**Exercise data**.
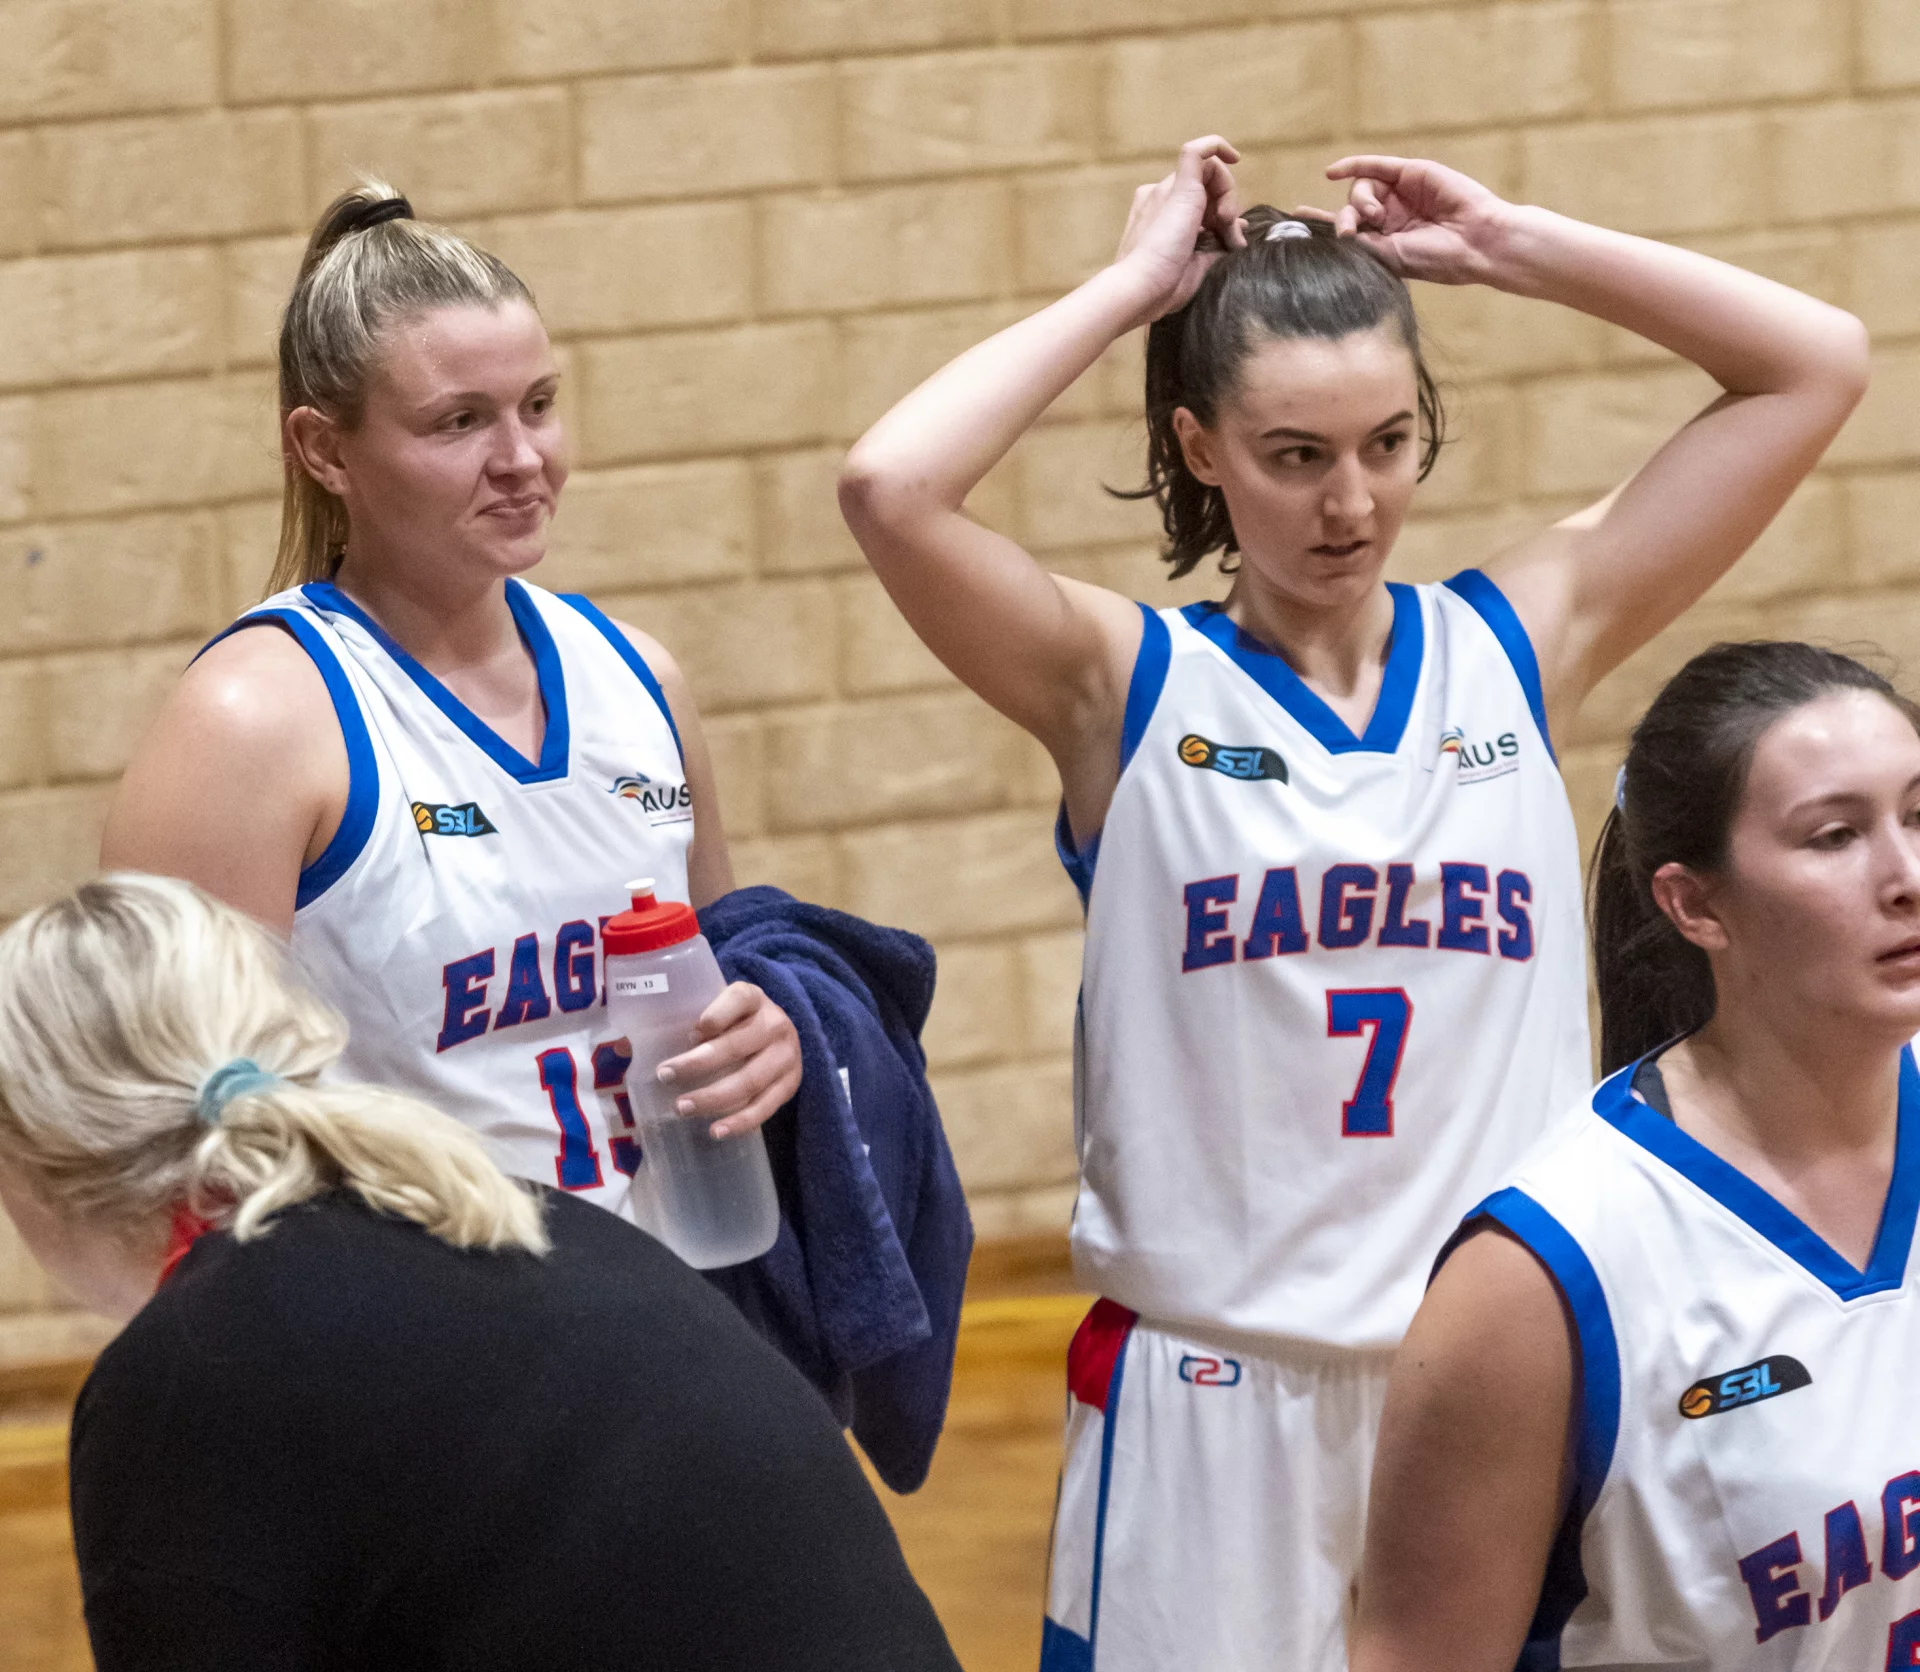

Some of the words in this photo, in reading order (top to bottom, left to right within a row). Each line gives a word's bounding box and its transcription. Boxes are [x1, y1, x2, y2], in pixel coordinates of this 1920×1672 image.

[1458, 732, 1519, 769] AUS
[642, 783, 692, 813] AUS
[1181, 862, 1535, 974] EAGLES
[436, 915, 608, 1054] EAG
[644, 980, 654, 989] 13
[1325, 986, 1415, 1138] 7
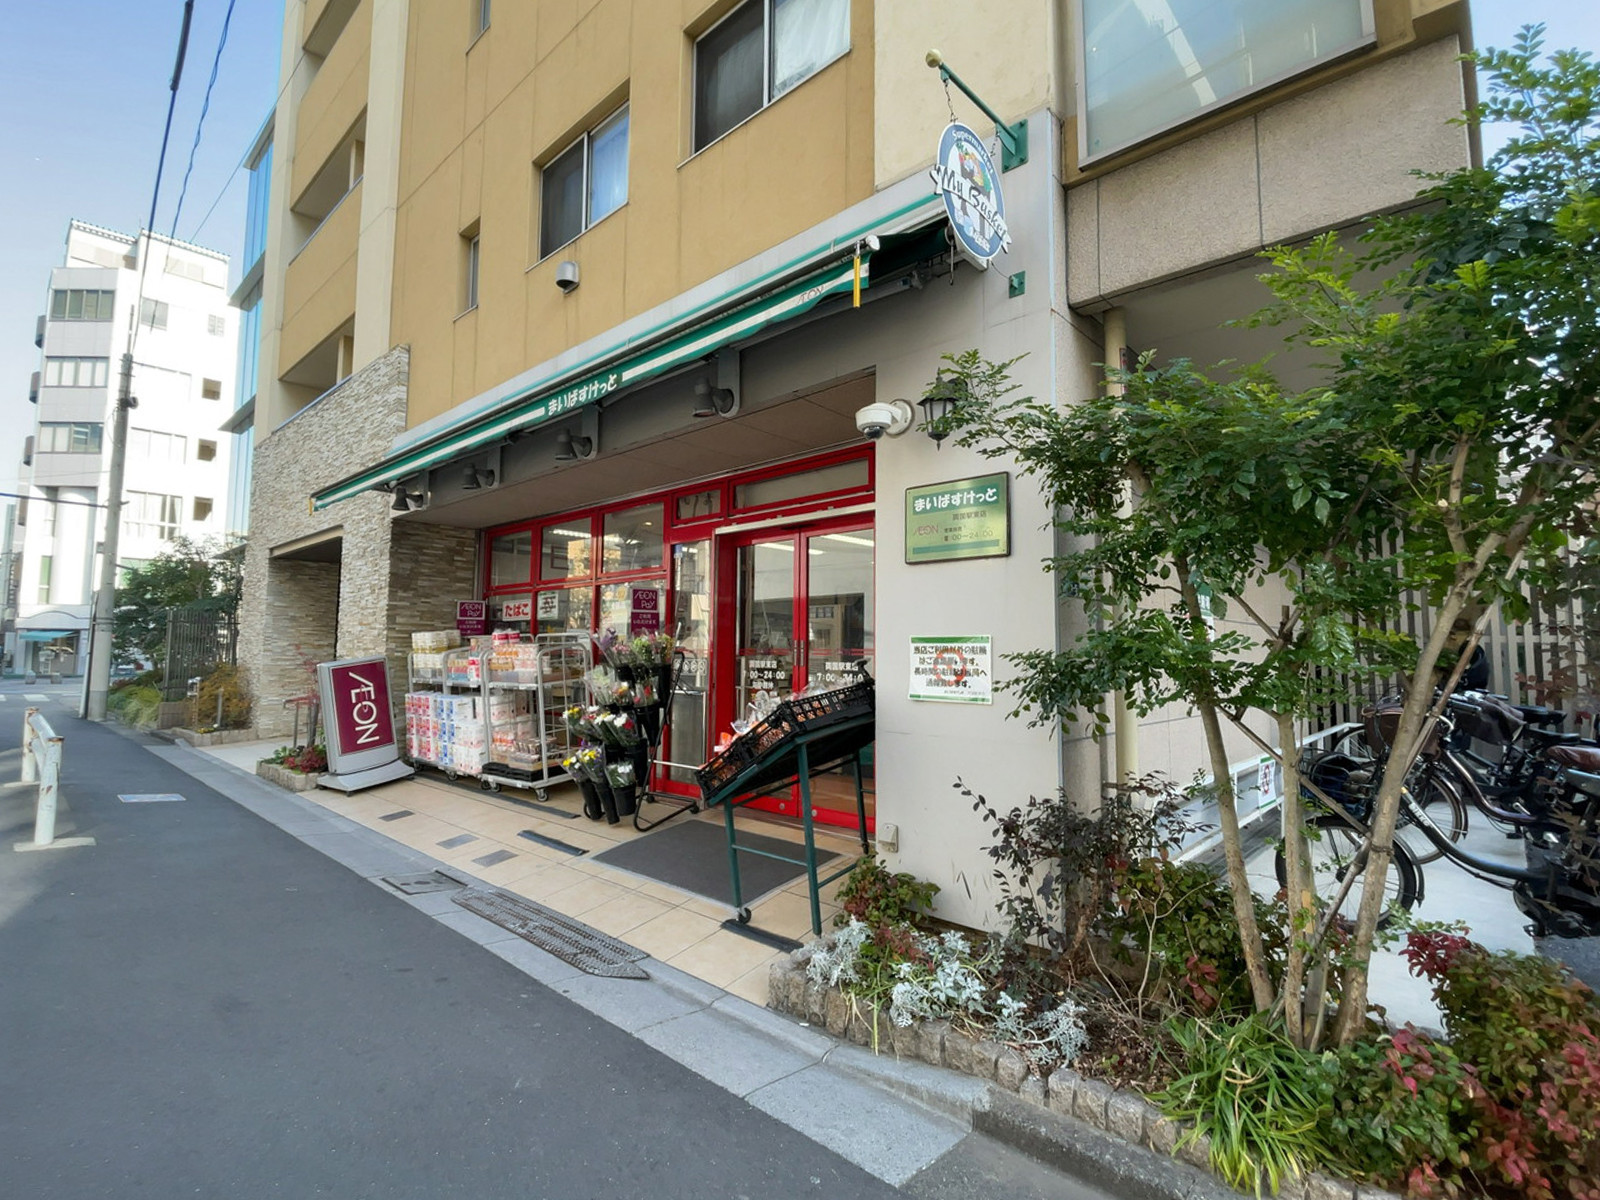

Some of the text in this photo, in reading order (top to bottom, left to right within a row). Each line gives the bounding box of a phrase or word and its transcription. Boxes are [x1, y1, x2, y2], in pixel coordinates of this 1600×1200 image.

[548, 374, 617, 415] まいばすけっと
[914, 488, 997, 512] まいばすけっと
[504, 603, 529, 617] たばこ
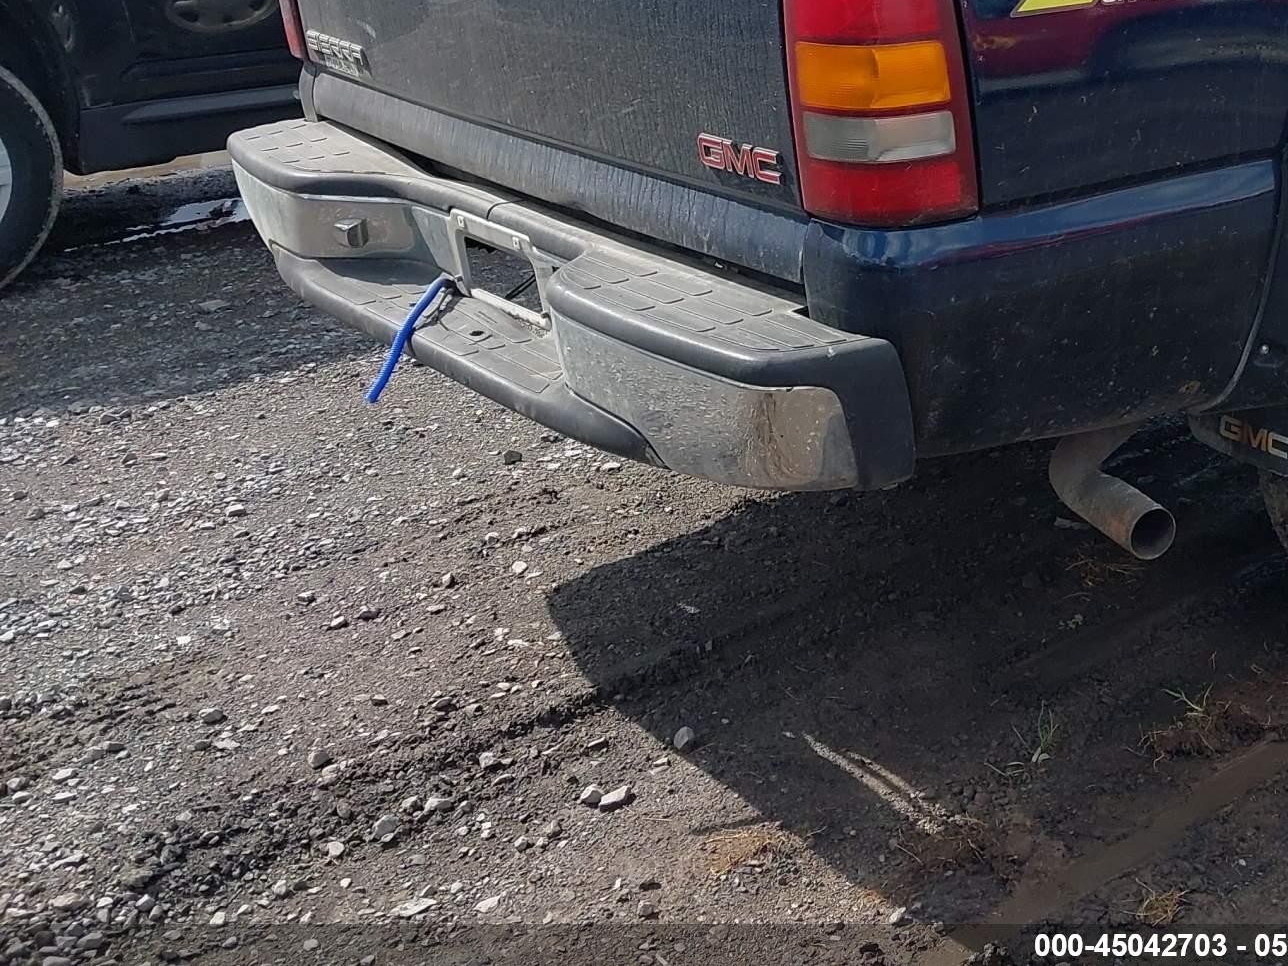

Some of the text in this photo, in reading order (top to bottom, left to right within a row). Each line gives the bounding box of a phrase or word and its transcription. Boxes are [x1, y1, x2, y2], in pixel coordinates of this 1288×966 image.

[306, 29, 364, 66] SIERRA
[697, 132, 782, 185] GMC
[1220, 414, 1288, 459] GMC

**Task instructions**. Copy out the lines from the line containing "this 1288×966 image." to the end of the listing above, without alteration.

**Solution for this exercise**.
Some of the text in this photo, in reading order (top to bottom, left to right within a row). Each line gives the bounding box of a phrase or word and its transcription. Boxes are [x1, y1, x2, y2], in pixel coordinates of this 1288×966 image.

[306, 29, 364, 66] SIERRA
[697, 132, 782, 185] GMC
[1220, 414, 1288, 459] GMC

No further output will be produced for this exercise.